ACTION ITEM
Print what the records say exactly, and omit the pictures.
# # # # #
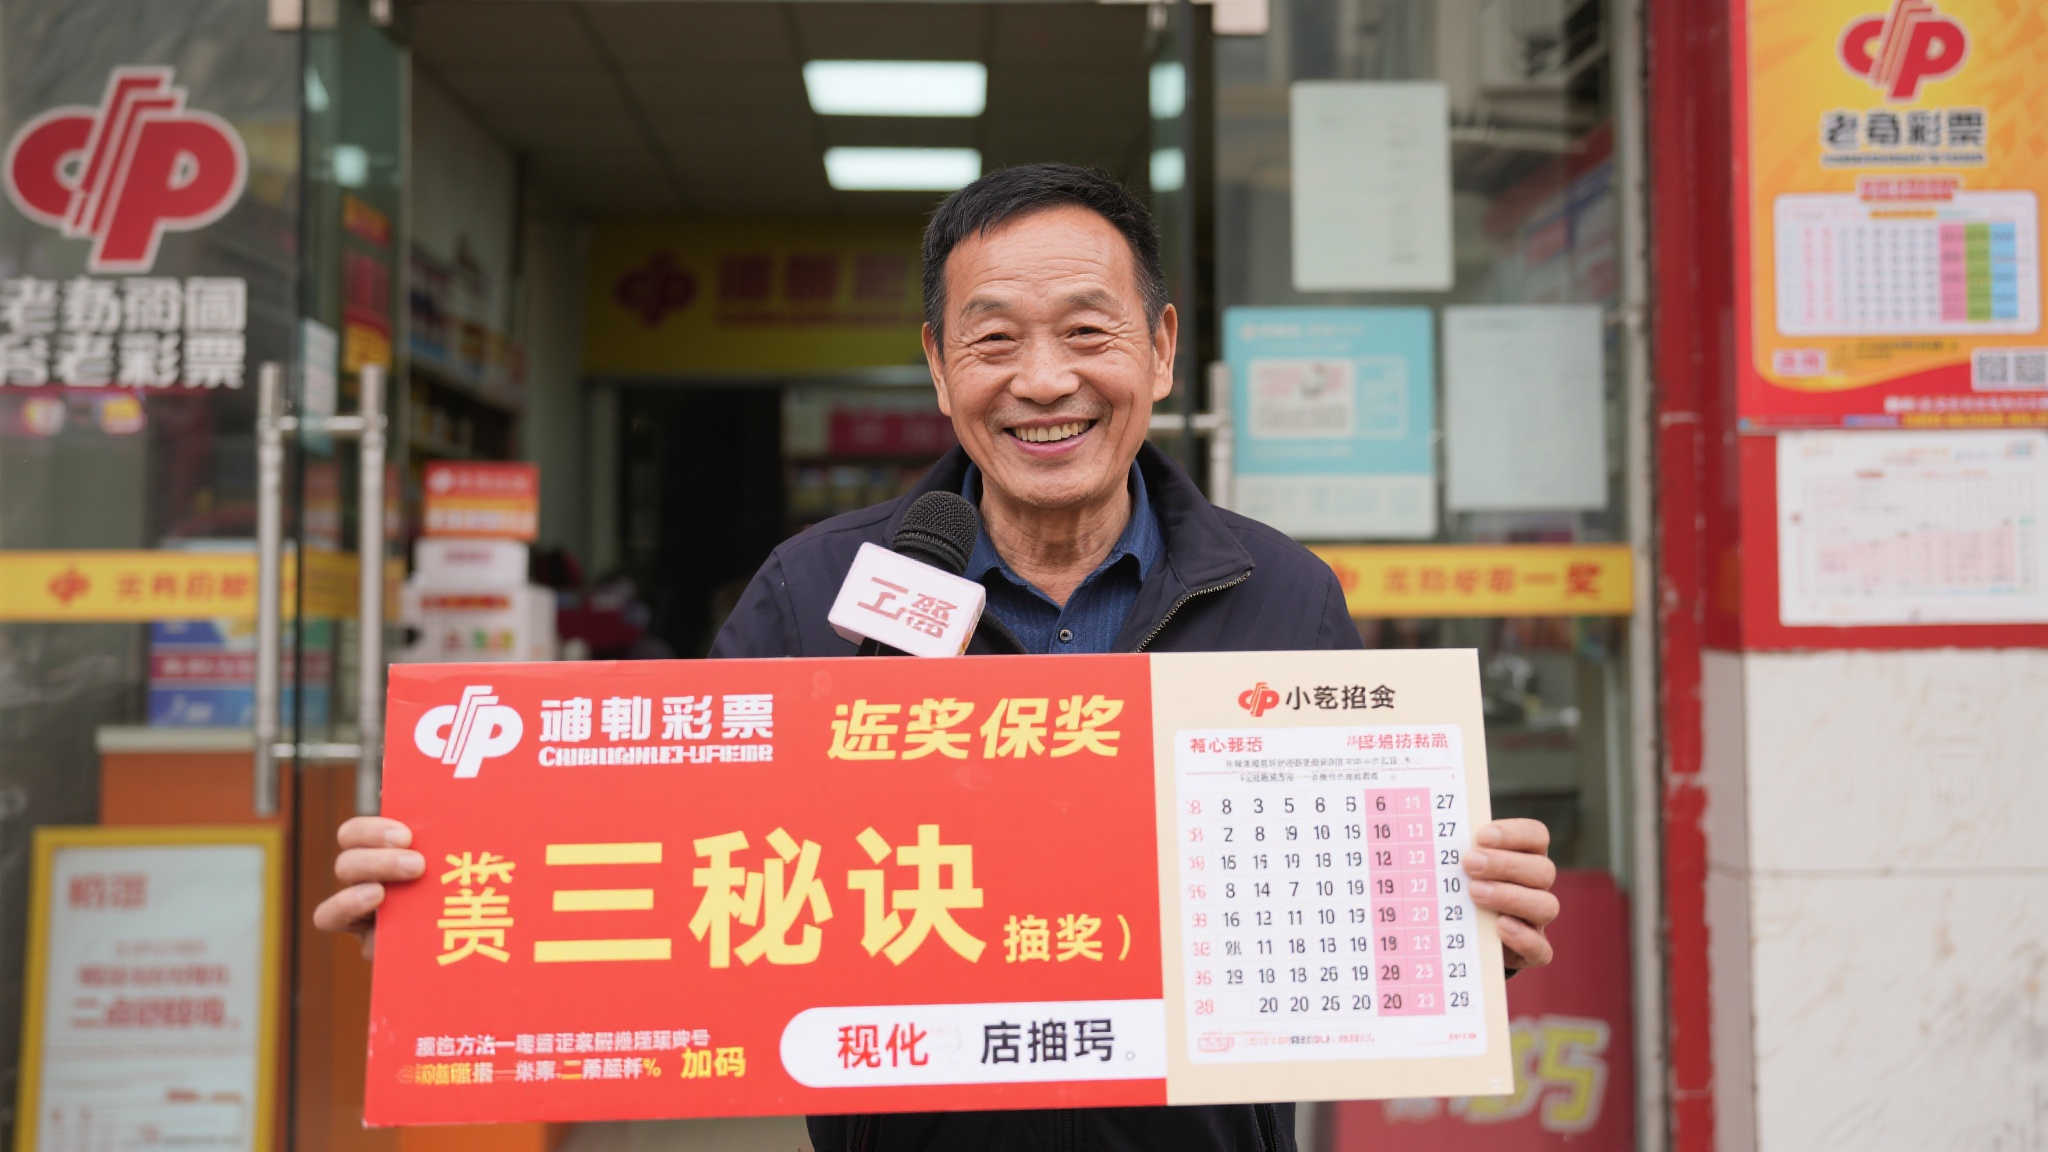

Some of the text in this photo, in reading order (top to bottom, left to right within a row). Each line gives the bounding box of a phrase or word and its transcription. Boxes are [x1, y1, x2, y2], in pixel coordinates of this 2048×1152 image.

[1222, 799, 1232, 815] 8
[1253, 798, 1263, 813] 3
[1284, 798, 1294, 813] 5
[1437, 794, 1454, 809] 27
[1255, 826, 1265, 842] 8
[1438, 822, 1456, 837] 27
[1441, 850, 1459, 865] 29
[533, 824, 988, 969] 三秘诀
[1226, 883, 1235, 899] 8
[1254, 882, 1270, 897] 14
[1289, 881, 1299, 896] 7
[1316, 881, 1333, 896] 10
[1443, 878, 1460, 893] 10
[1224, 912, 1240, 927] 16
[1288, 910, 1302, 925] 11
[1318, 909, 1335, 925] 10
[1257, 939, 1272, 954] 11
[1260, 997, 1278, 1013] 20
[1290, 996, 1309, 1012] 20
[1383, 994, 1402, 1009] 20
[680, 1045, 747, 1080] 加码
# # # # #
EXERCISE OUTPUT
Some of the text in this photo, in reading order (top to bottom, left to right within a row). Each line gives the bounding box of a phrase or word and its transcription. Boxes are [x1, y1, x2, y2], in pixel coordinates of this 2048×1152 image.

[1222, 799, 1232, 815] 8
[1253, 798, 1263, 813] 3
[1284, 798, 1294, 813] 5
[1437, 794, 1454, 809] 27
[1255, 826, 1265, 842] 8
[1438, 822, 1456, 837] 27
[1441, 850, 1459, 865] 29
[533, 824, 988, 969] 三秘诀
[1226, 883, 1235, 899] 8
[1254, 882, 1270, 897] 14
[1289, 881, 1299, 896] 7
[1316, 881, 1333, 896] 10
[1443, 878, 1460, 893] 10
[1224, 912, 1240, 927] 16
[1288, 910, 1302, 925] 11
[1318, 909, 1335, 925] 10
[1257, 939, 1272, 954] 11
[1260, 997, 1278, 1013] 20
[1290, 996, 1309, 1012] 20
[1383, 994, 1402, 1009] 20
[680, 1045, 747, 1080] 加码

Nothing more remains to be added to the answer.